Procrastination is running rampant this year, with 13% of consumers planning to purchase all of their gifts in this final week. The survey data also shows that 8% of shoppers will purchase three quarters of their gifts this week, while 16% will purchase half of the gifts on their list this week. And 51% of consumers will be purchasing a quarter of their gifts this week.
"With this many Americans still desperate to buy gifts, we are officially in the red zone for 'panic shopping'," said Jason Alderman, Visa's senior director of global financial education. "When shoppers panic, they throw money at the problem and often overspend to get a gift – any gift – in time for the holidays."
With six days until Christmas, the U.S. holiday shopping season is better than expected, with discounts deep enough to bring in shoppers who are searching for bargains but not showing the desperation seen in the recession.
Department stores like Macy's Inc are shaping up to be among the big winners, while apparel retailers are being hurt as mild weather limits demand for winter clothes.
"Some of the women's retailers that were doing well earlier in the year are getting hurt this holiday by the resurgence of the department store," said Craig Johnson, president of Customer Growth Partners, a retail consulting firm.
Customer Growth Partners, which has been one of the most bullish forecasters of sales heading into the holiday season, estimated that U.S. retailer sales on Saturday were $26 billion, just shy of the $27 billion spent on "Black Friday," the day after Thanksgiving, which traditionally kicks off the holiday shopping season.

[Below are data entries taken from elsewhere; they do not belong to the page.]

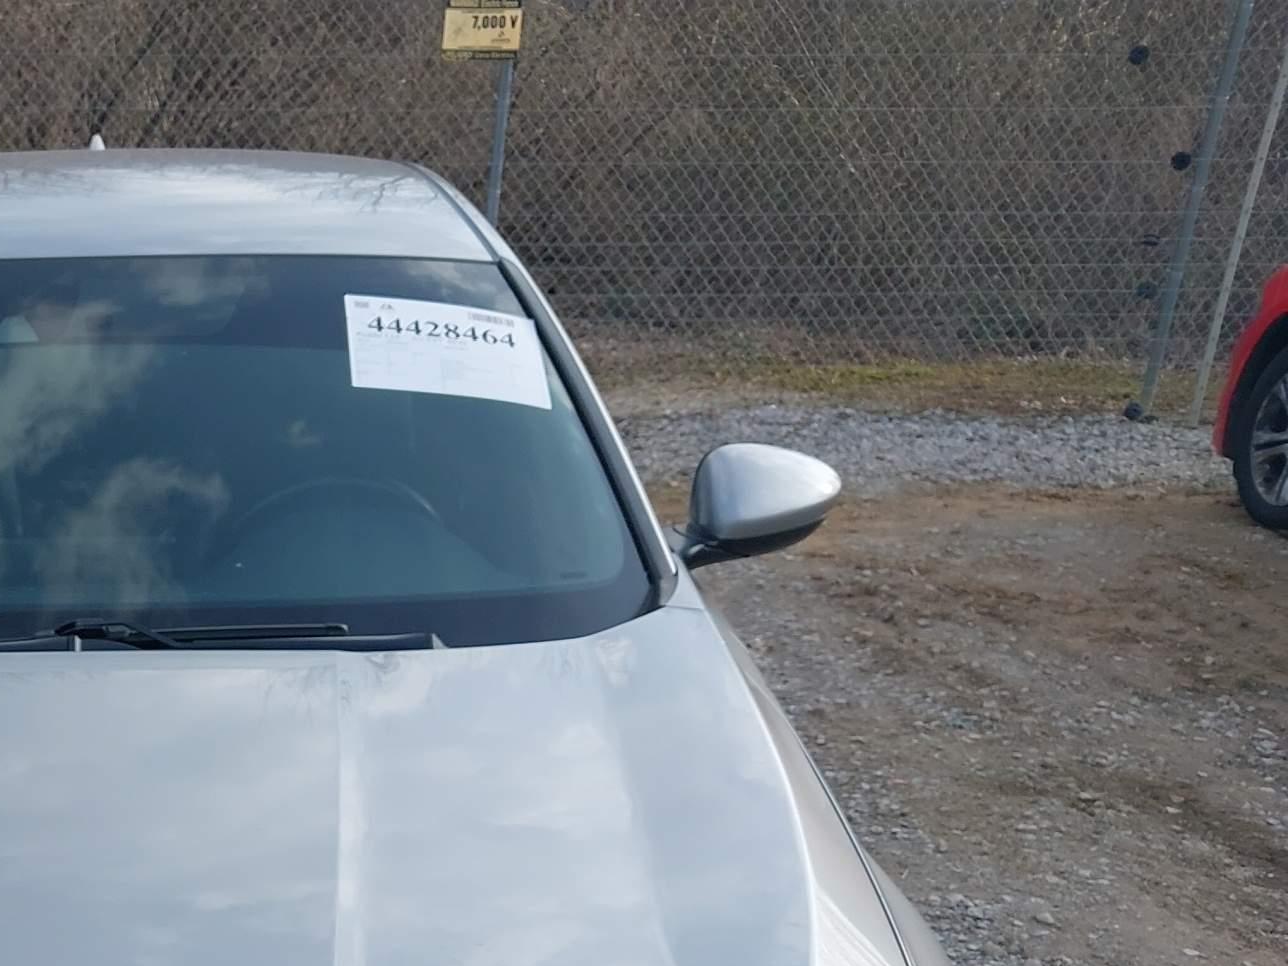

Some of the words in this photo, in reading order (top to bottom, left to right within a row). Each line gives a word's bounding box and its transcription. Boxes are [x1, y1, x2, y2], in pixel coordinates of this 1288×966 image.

[471, 14, 506, 31] 7,000
[510, 14, 519, 29] V
[367, 315, 516, 349] 44428464
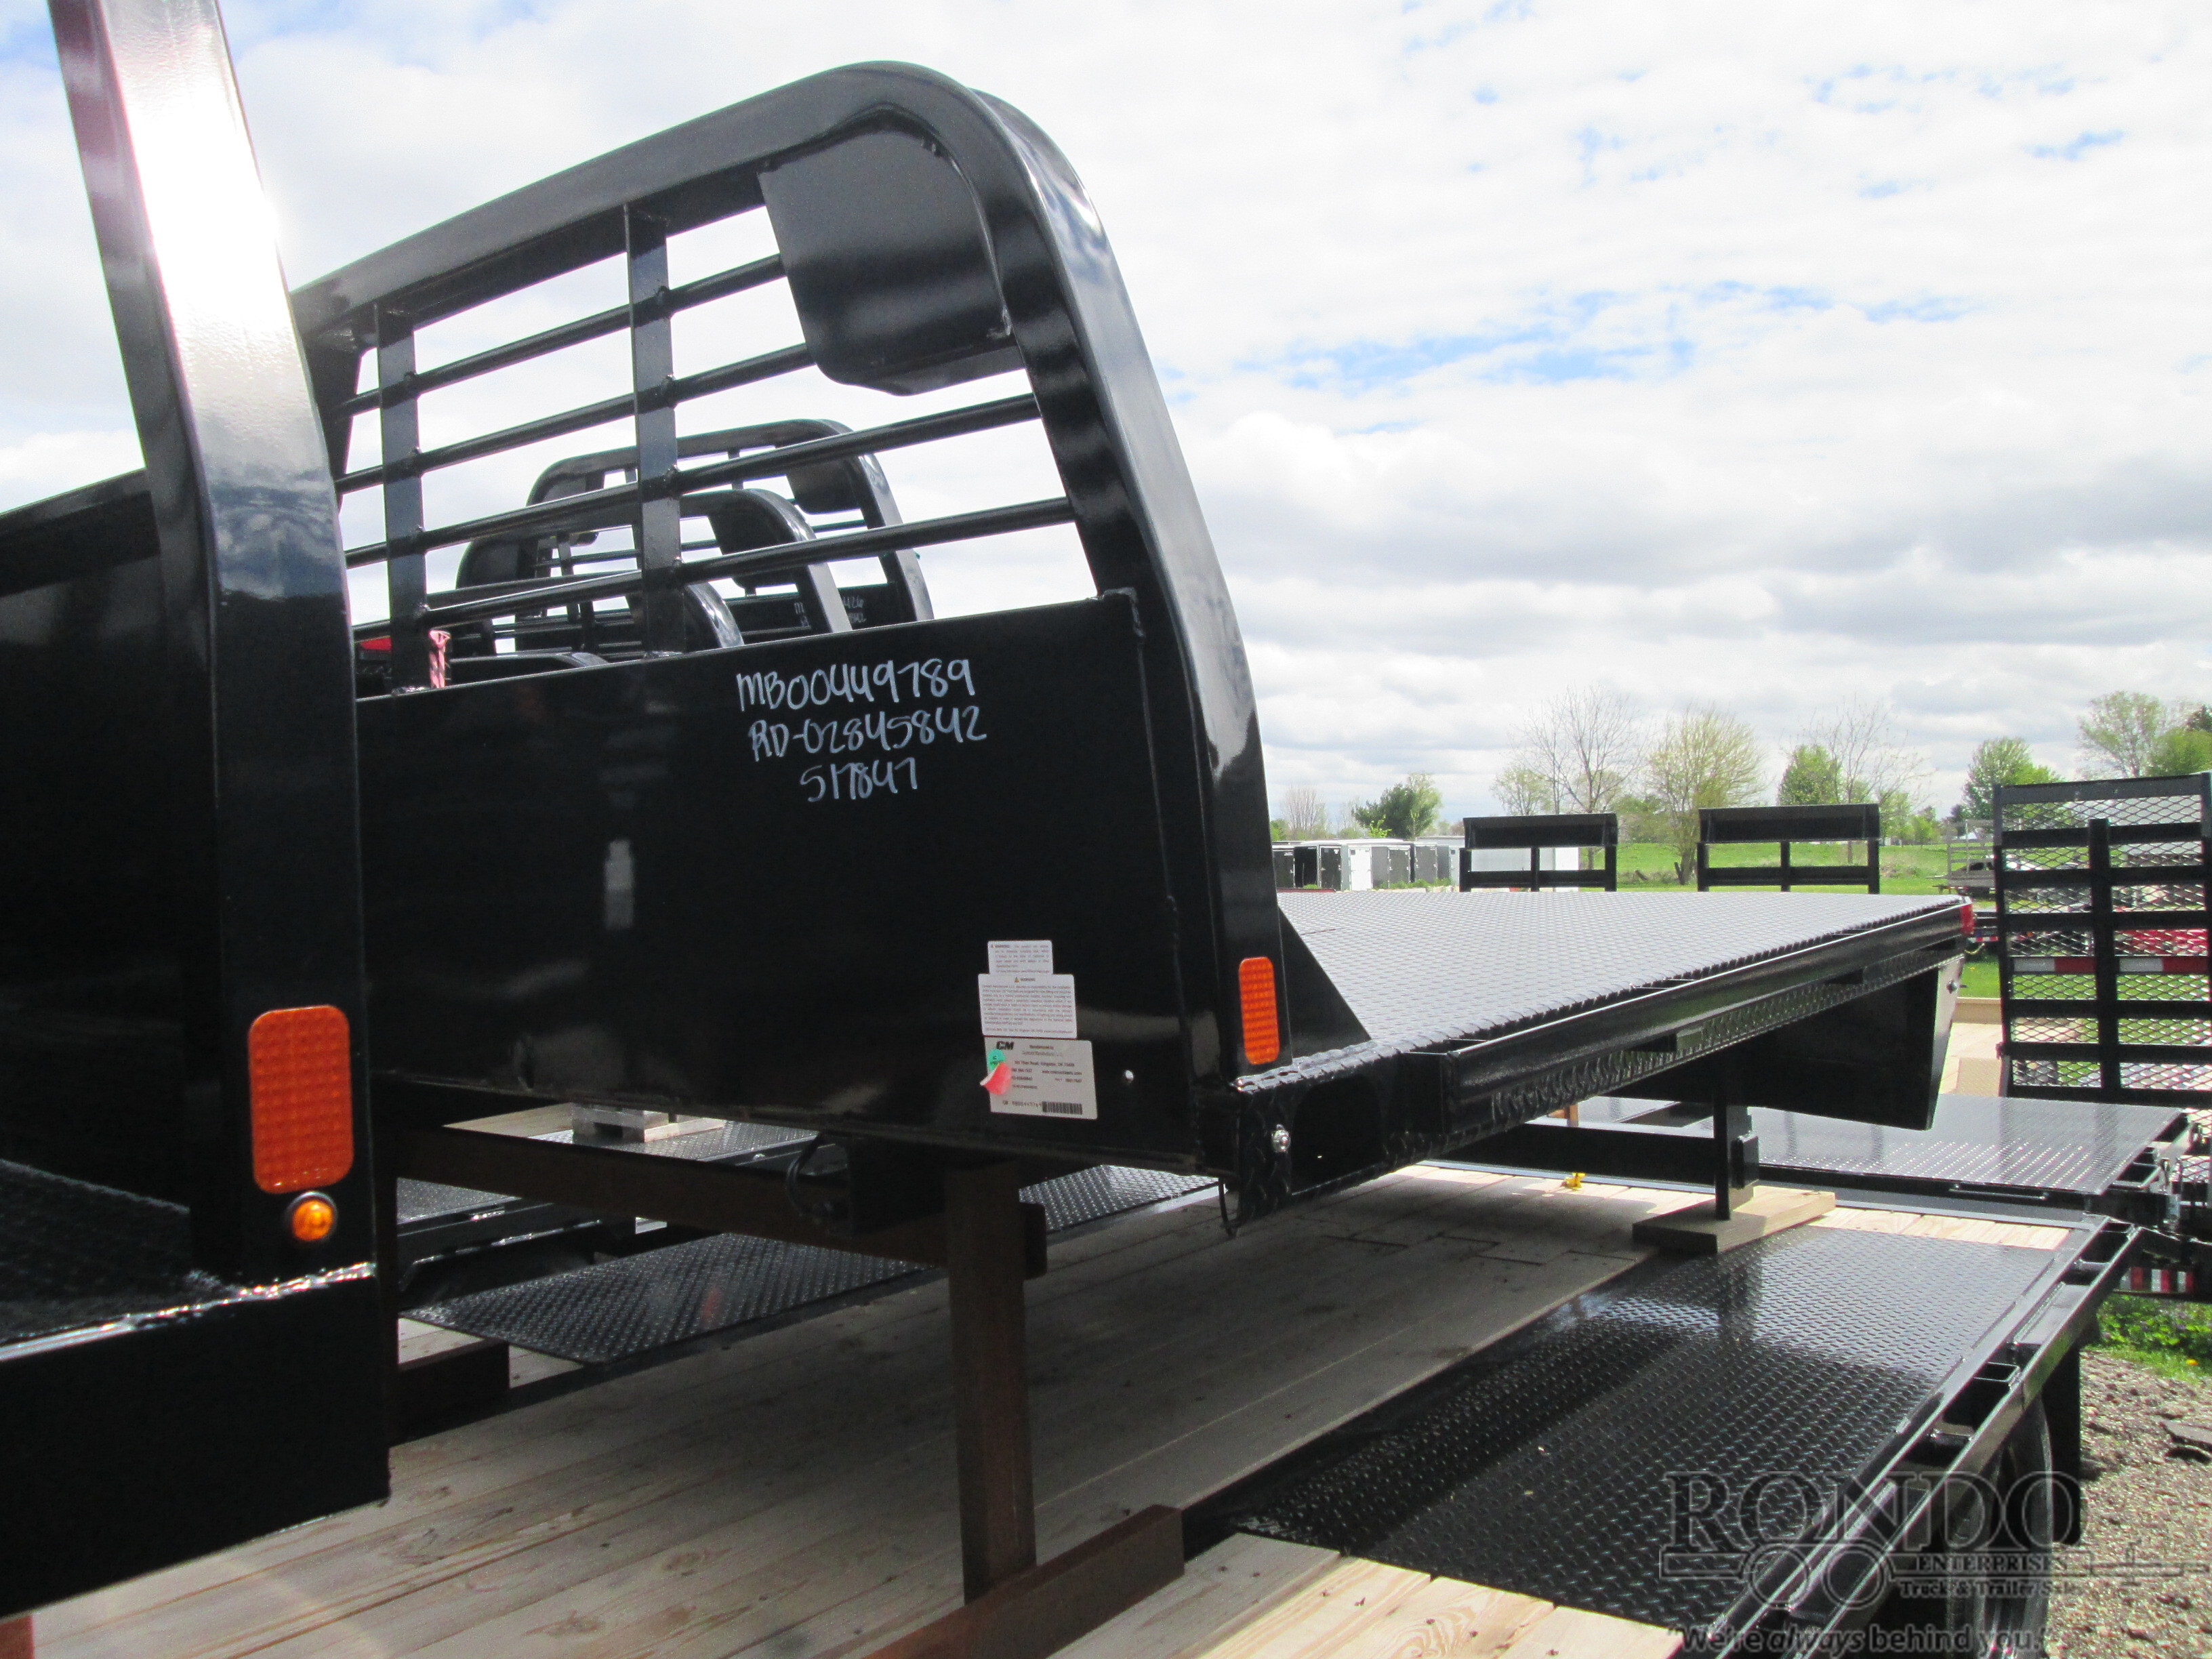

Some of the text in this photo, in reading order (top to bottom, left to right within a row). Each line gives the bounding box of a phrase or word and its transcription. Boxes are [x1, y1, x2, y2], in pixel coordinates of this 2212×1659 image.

[736, 658, 976, 712] MB00449789
[748, 705, 987, 762] RD-02845842
[799, 757, 918, 802] 517847

Johnson was one of the most bullish forecasters coming into the holiday season. Now others are joining suit.
ShopperTrak, which monitors traffic at shopping malls, now expects sales in November and December to rise 3.7 percent, up from its September forecast of 3%.
Last week, the National Retail Federation raised its forecast, calling for holiday sales to rise 3.8%. In October, it forecast a gain of 2.8%.

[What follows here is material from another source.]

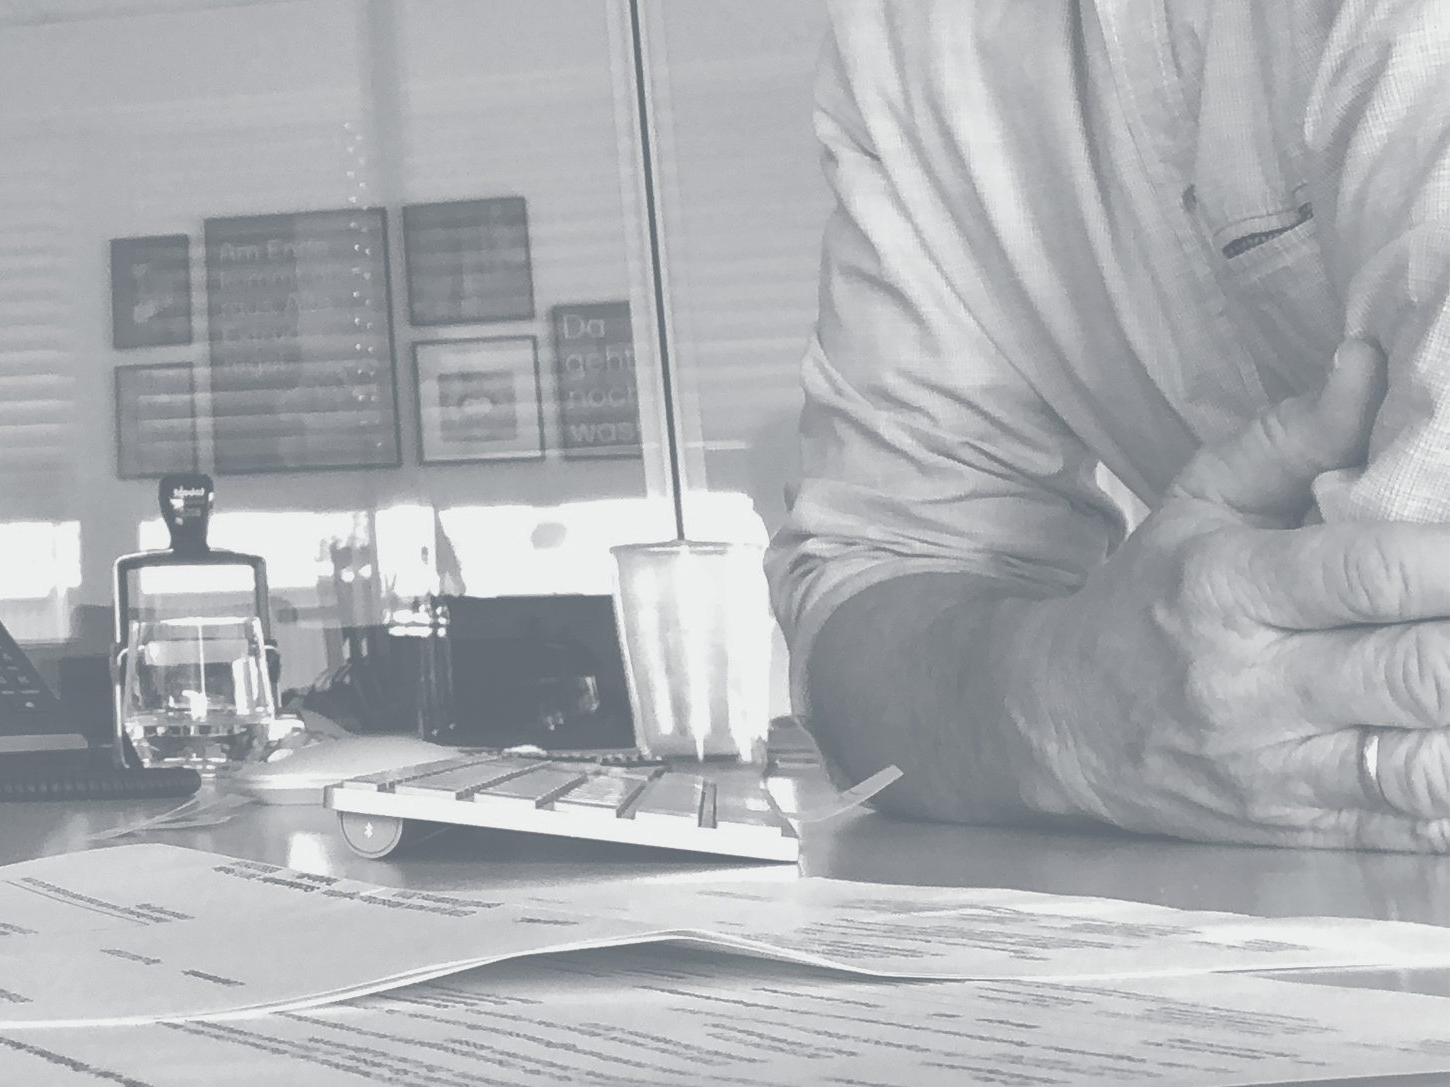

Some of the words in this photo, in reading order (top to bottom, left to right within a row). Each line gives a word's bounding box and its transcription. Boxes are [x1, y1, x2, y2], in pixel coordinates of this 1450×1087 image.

To be sure, that NRF forecast is still less than the 5.2% increase reported for 2010. Unemployment was still 8.6% in November and lower-income shoppers have been making use of such plans as layaway to paying for holiday items.
So many analysts said sales are not exceptionally strong or exceptionally weak.
"There's more that's normal here than people want to let on," Edward Jones analyst Matt Arnold said.
ShopperTrak cofounder Bill Martin said that discounts were more in the 30 percent to 40% range, instead of the 50% to 60% seen last year.
On Saturday, he said it was hard to find parking spaces at the malls he visited and he saw lots of people with packages. In other words, it was a typical weekend before Christmas.
"It's been a typical shopping pattern," he said.
Overall, traffic to stores may be off a couple of percentage points. But that's because more people are shopping on line, he said.
IBM Benchmark, which tracks transactions on the websites of hundreds of the top retailers, said on Monday it now expects online sales to rise 9.5% to 10% in December from a year ago.
Trutina Financial chief investment officer Patty Edwards said what she saw at Target this weekend was stocked shelves and normal discounts.
"There weren't any specific markdowns that were overly compelling, but conversely, there didn't seem to be any shortages of items at all," Edwards said.